Public key cryptographic protocols are constructed such that they are based on the difficulty of certain mathematical problem. We want the problem to be difficult, but at the same time for it to be possible to construct practical schemes based on it.

In this part of the project, we address the following fundamental questions:

- What problems can form the basis of efficient schemes under quantum reductions?
- What problems can form the basis of “advanced” cryptographic schemes?

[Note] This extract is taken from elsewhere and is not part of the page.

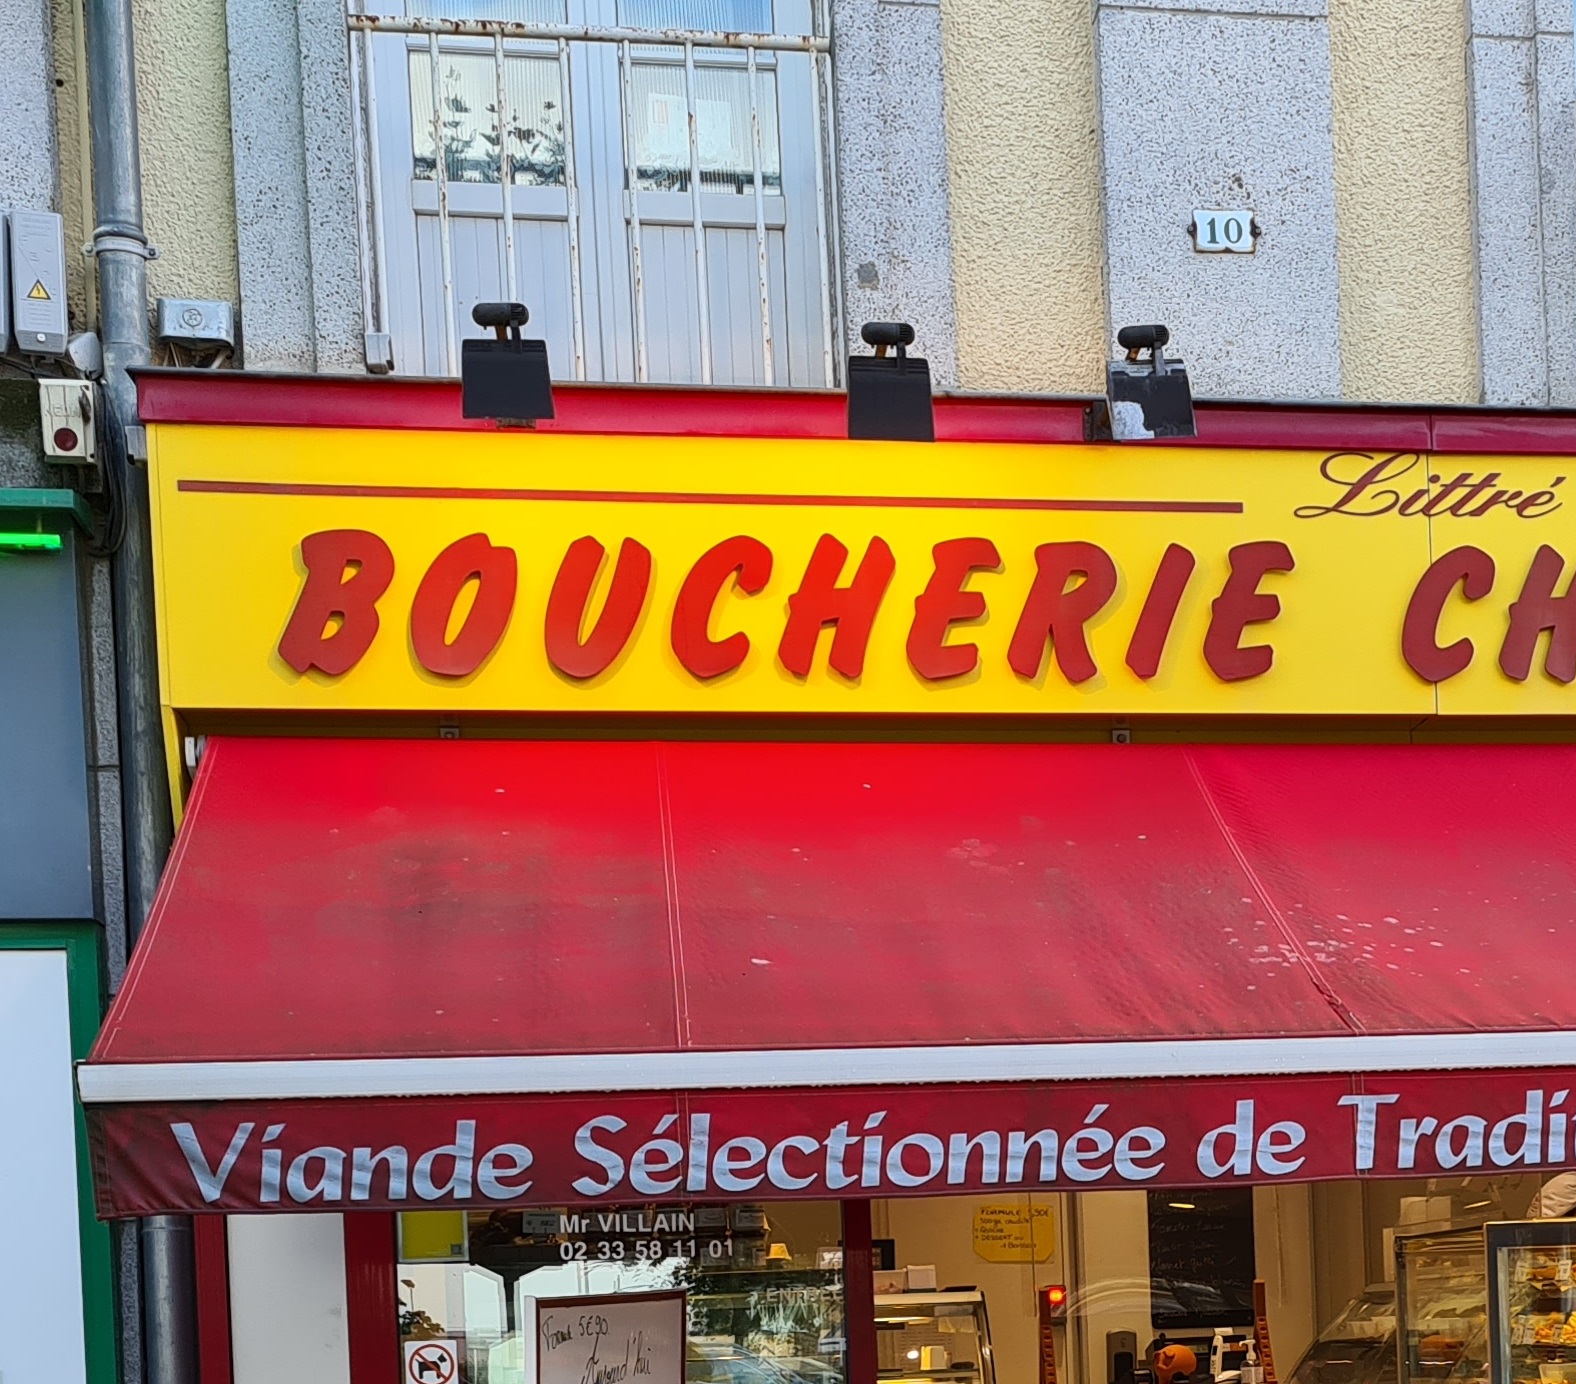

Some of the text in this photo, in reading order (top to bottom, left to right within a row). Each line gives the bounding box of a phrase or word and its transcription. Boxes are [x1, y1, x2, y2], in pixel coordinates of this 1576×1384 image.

# Standardization of encryption and signatures

In 2015, the NSA released a document stating that the next generation of algorithms securing internet communication should be resistant to quantum attacks. In 2017, NIST began the standardization process for choosing post-quantum encryption, key exchange, and digital signature schemes. Together with a consortium of university and industry partners, we have submitted our lattice-based proposals as part of the CRYSTALS and FALCON packages. Our proposals are based on well-studied lattice problems and show that one can have security against quantum attackers with little added overhead.

# Advanced constructions

Beyond the basic schemes that secure internet communication, there is also an emerging need for more “advanced” privacy-preserving protocols. Research is just beginning, and there are currently very few protocols beyond basic encryption and signature schemes that can be considered truly practical. Some of the more advanced primitives whose efficient foundations we will be building in this project include:

- Zero-knowledge proofs
- Electronic voting schemes
- Privacy-preserving primitives

## Current members

PI: Vadim Lyubashevsky

Jonathan Bootle (Post-doctoral researcher 2018 – )

Ngoc (Khanh) Nguyen (PhD Student 2018 – )

Gregor Seiler (PhD Student 2017 – )

## Former members

Rafael del Pino (PhD Student 2016 – 2018)

Thijs Laarhoven (Post-doctoral researcher 2016 – 2017)

Gregory Neven (Research Staff Member 2016 – 2018)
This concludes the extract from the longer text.